WHAT NEEDS TO BE DONE: The copy you give must match the listing below exactly and contain no pictures.

-------

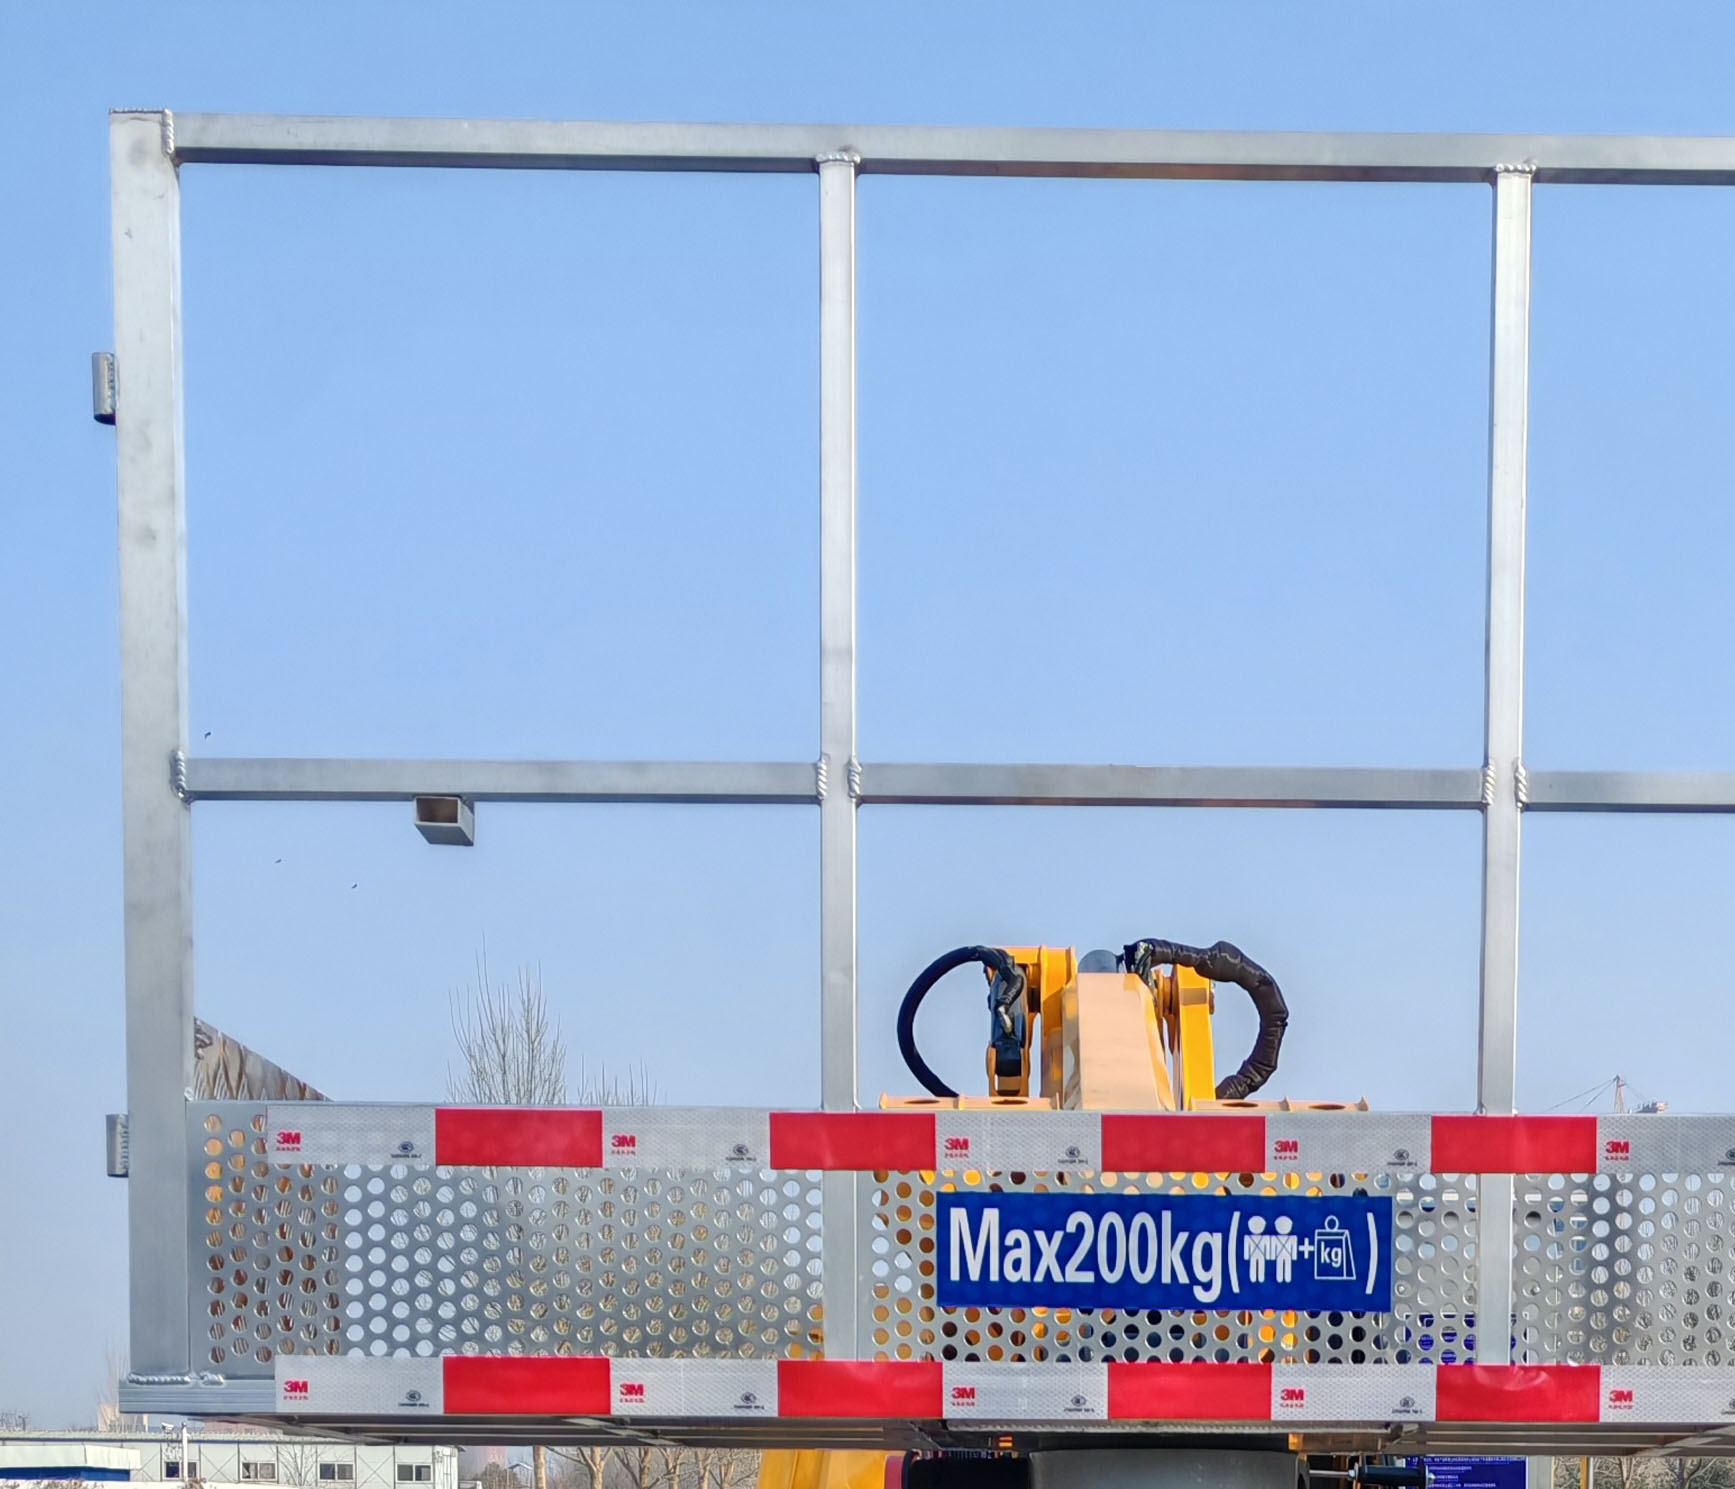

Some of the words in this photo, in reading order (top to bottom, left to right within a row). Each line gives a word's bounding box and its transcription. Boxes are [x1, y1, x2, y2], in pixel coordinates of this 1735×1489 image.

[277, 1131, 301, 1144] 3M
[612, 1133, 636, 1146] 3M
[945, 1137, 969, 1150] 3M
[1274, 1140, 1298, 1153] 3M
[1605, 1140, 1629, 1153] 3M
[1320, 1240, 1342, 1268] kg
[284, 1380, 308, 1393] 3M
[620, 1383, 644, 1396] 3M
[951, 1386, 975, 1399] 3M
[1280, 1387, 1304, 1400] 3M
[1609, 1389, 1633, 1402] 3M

-------

WORKED SOLUTION:
Some of the words in this photo, in reading order (top to bottom, left to right within a row). Each line gives a word's bounding box and its transcription. Boxes are [x1, y1, x2, y2], in pixel coordinates of this 1735×1489 image.

[277, 1131, 301, 1144] 3M
[612, 1133, 636, 1146] 3M
[945, 1137, 969, 1150] 3M
[1274, 1140, 1298, 1153] 3M
[1605, 1140, 1629, 1153] 3M
[1320, 1240, 1342, 1268] kg
[284, 1380, 308, 1393] 3M
[620, 1383, 644, 1396] 3M
[951, 1386, 975, 1399] 3M
[1280, 1387, 1304, 1400] 3M
[1609, 1389, 1633, 1402] 3M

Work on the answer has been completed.